[Saved entries]
•••••
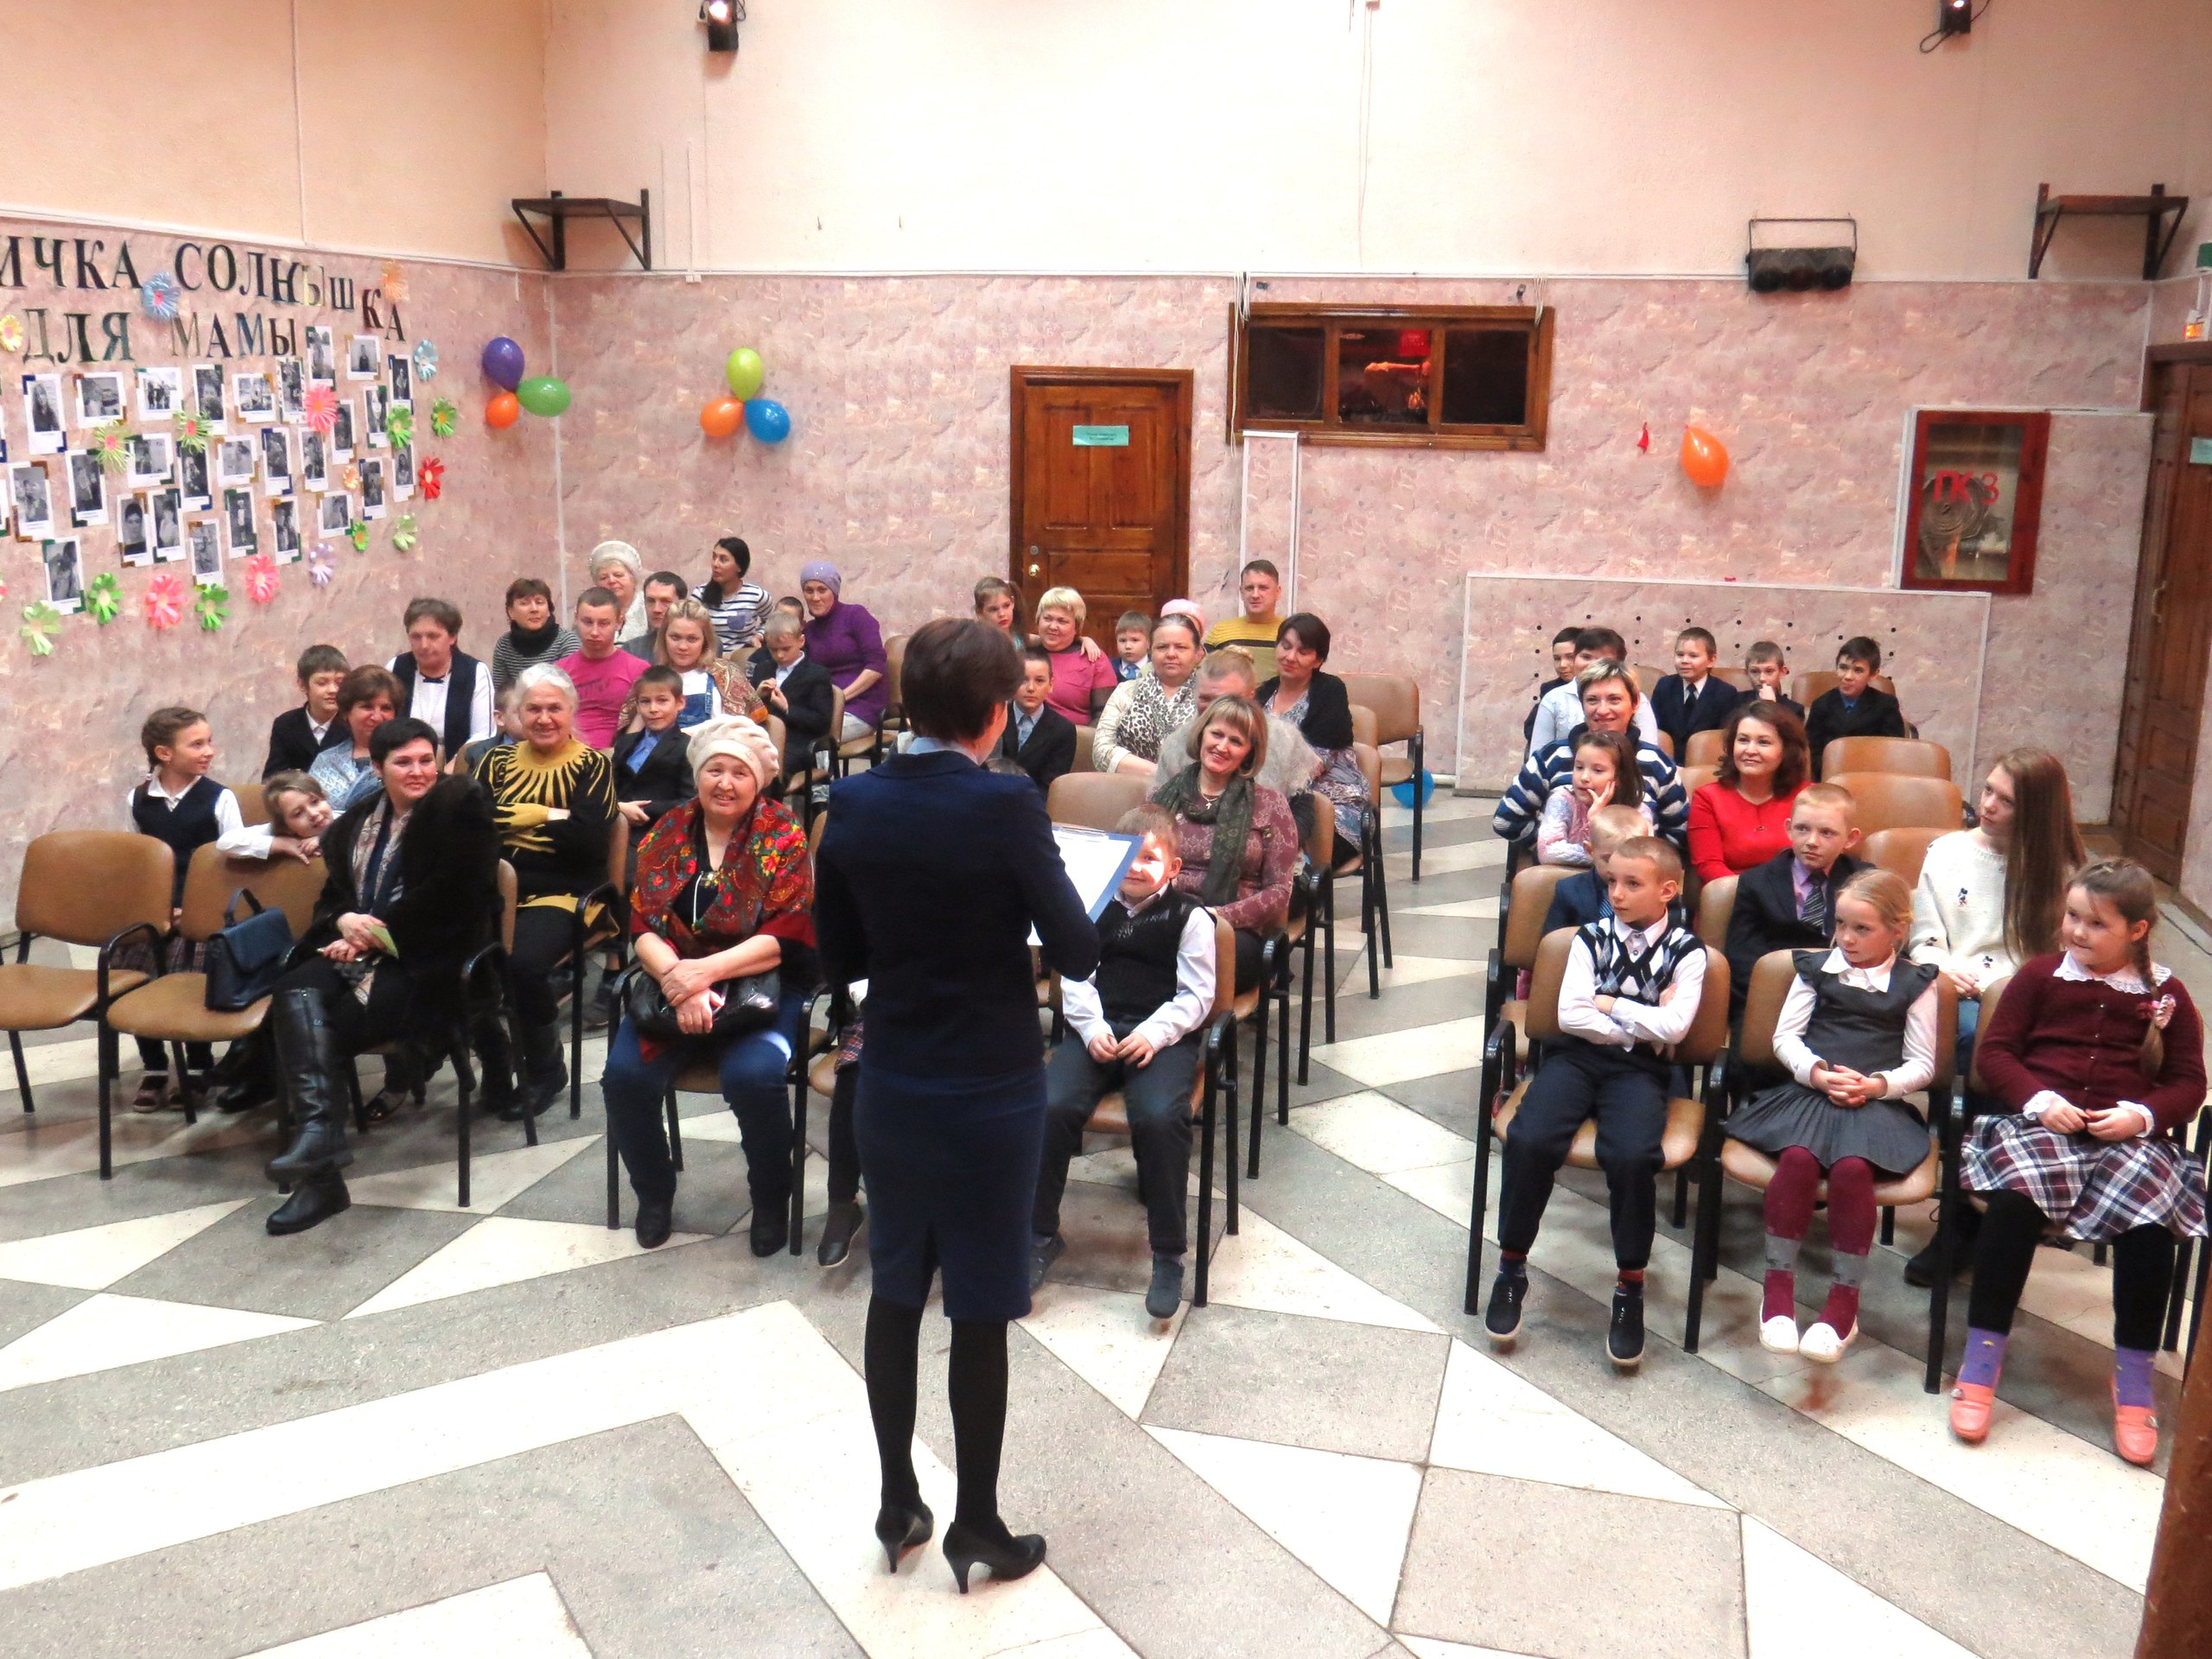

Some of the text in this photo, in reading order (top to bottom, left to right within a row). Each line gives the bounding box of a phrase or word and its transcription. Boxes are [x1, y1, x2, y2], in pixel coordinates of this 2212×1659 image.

[175, 243, 406, 341] СОЛНЫШКА
[22, 308, 296, 365] ДЛЯ МАМЫ
[1934, 470, 1999, 504] ПК 3
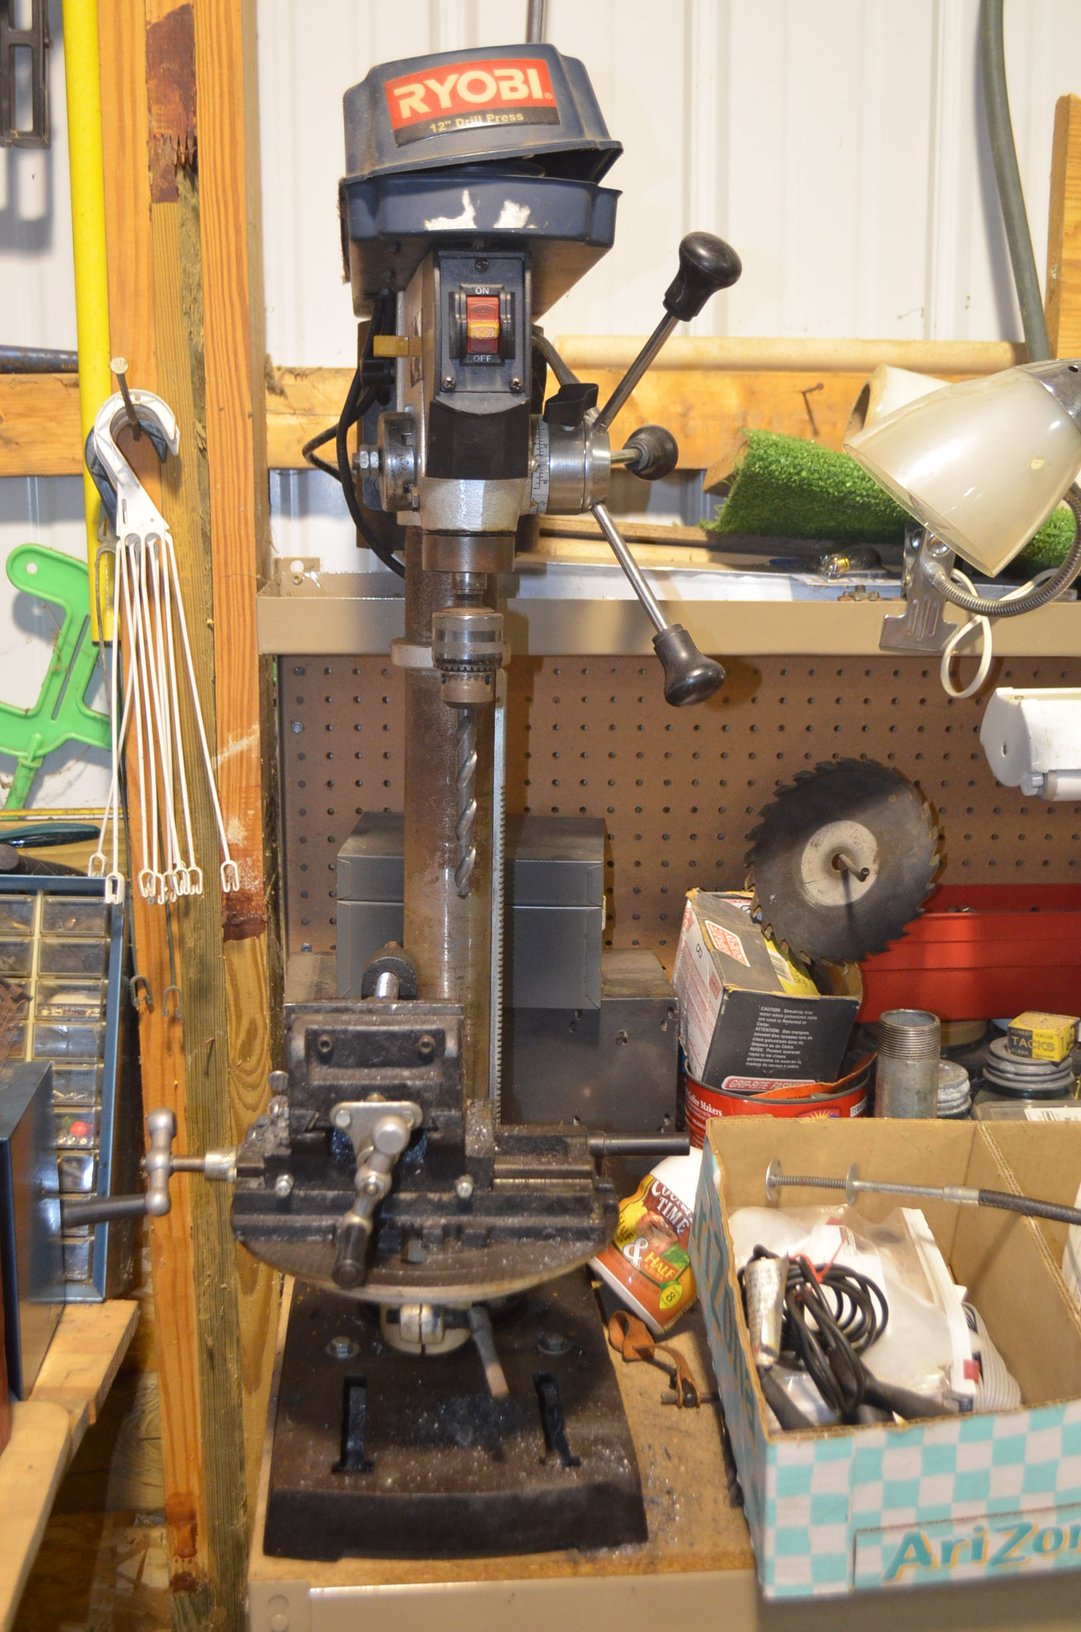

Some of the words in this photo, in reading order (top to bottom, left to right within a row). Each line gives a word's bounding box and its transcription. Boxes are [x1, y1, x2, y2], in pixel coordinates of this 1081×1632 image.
•••••
▸ **WHAT TO WORK ON**:
The required output is every line of the data above, set down exactly and stripped of pictures.

▸ **EXERCISE ANSWER**:
Some of the text in this photo, in reading order (top to bottom, left to right within a row). Each line gives the bounding box of a phrase or word and its transcription. Boxes are [x1, y1, x2, y2], in pixel coordinates of this 2212×1659 image.

[175, 243, 406, 341] СОЛНЫШКА
[22, 308, 296, 365] ДЛЯ МАМЫ
[1934, 470, 1999, 504] ПК 3

Some of the words in this photo, in reading order (top to bottom, left to right within a row). Each line gives a word's bounding box and its transcription. Boxes are [x1, y1, x2, y2], in pixel coordinates of this 1081×1632 image.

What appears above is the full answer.